:: AVAILABLE DATA

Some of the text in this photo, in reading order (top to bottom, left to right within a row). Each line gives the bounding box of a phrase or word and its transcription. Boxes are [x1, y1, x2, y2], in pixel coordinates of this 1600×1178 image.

::::
:: AVAILABLE DATA

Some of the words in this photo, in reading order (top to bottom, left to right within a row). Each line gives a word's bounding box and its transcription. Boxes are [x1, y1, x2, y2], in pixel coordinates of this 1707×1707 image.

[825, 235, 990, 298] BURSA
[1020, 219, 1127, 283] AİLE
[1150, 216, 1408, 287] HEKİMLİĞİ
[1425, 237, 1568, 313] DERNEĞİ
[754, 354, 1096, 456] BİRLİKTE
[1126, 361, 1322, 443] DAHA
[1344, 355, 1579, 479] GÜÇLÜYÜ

::::
:: AVAILABLE DATA

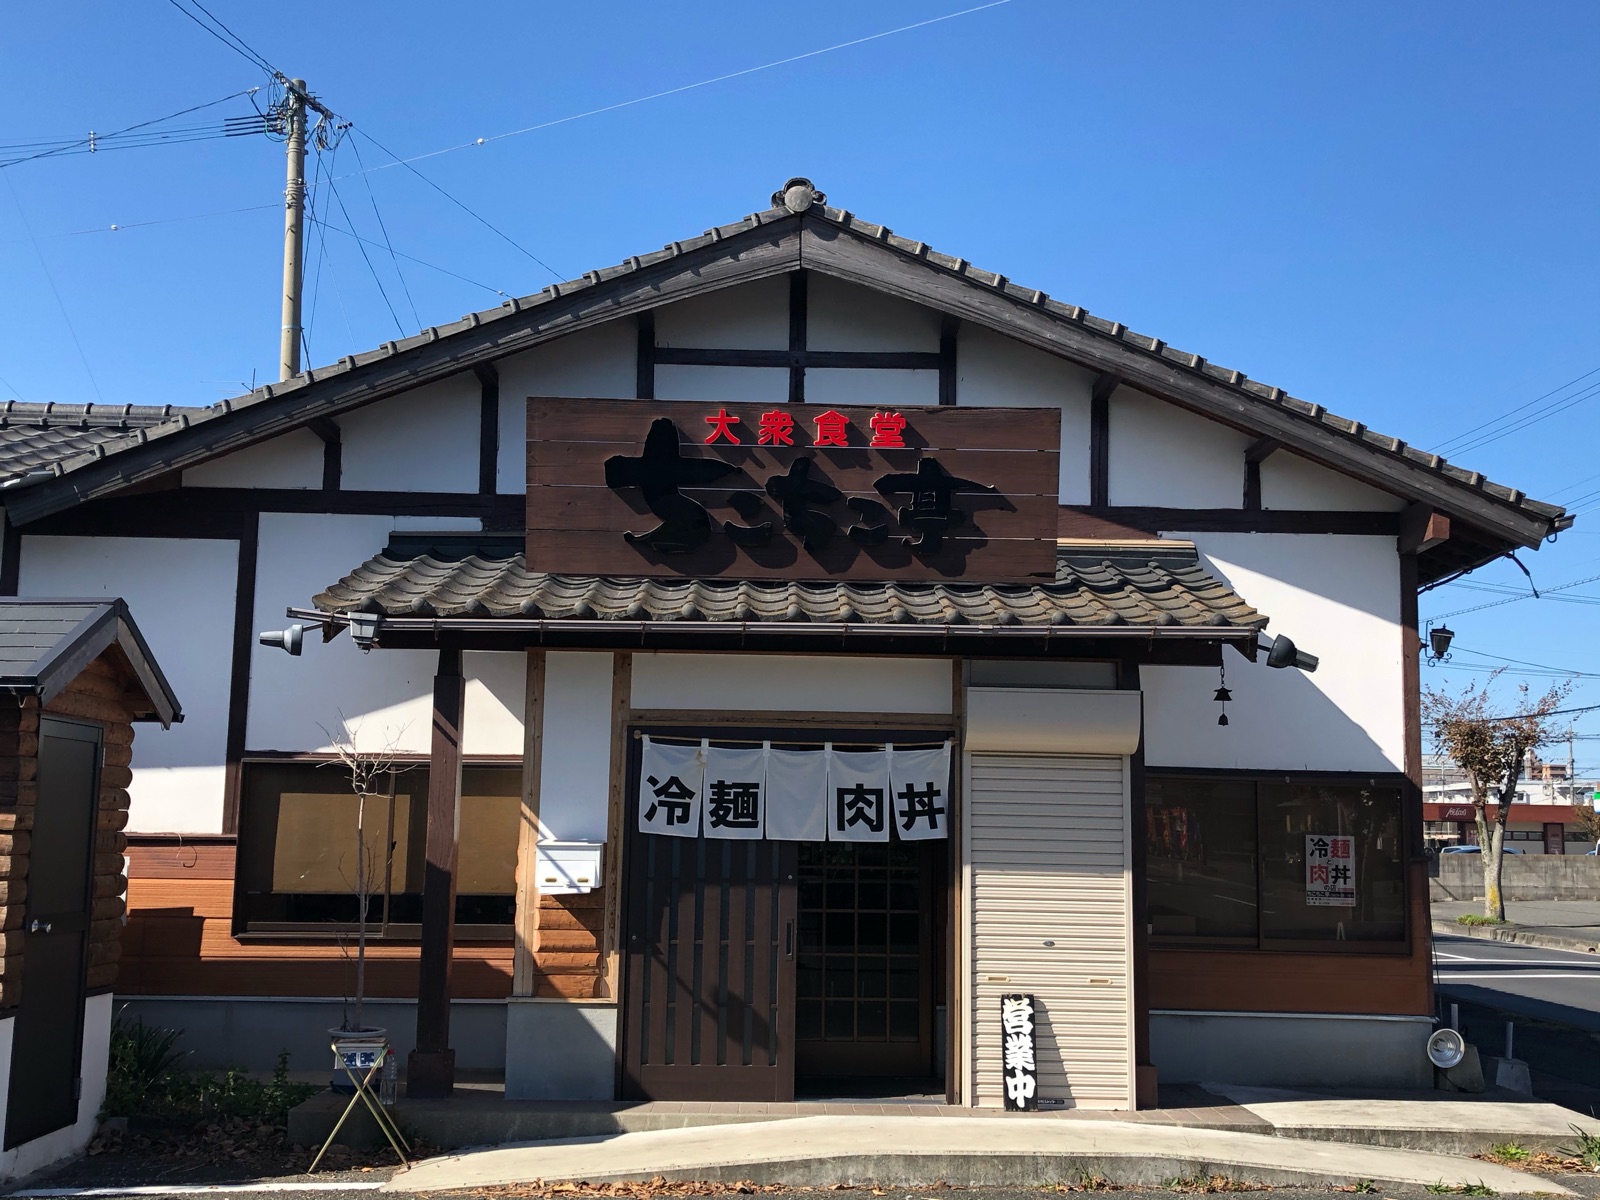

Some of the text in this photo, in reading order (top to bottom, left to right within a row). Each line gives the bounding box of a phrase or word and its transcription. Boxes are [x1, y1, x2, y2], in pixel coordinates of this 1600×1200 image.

::::

### [DESCRIPTION OF THE TASK]
Give only the number of lines above that hold the string "text".

### [EXERCISE RESULT]
2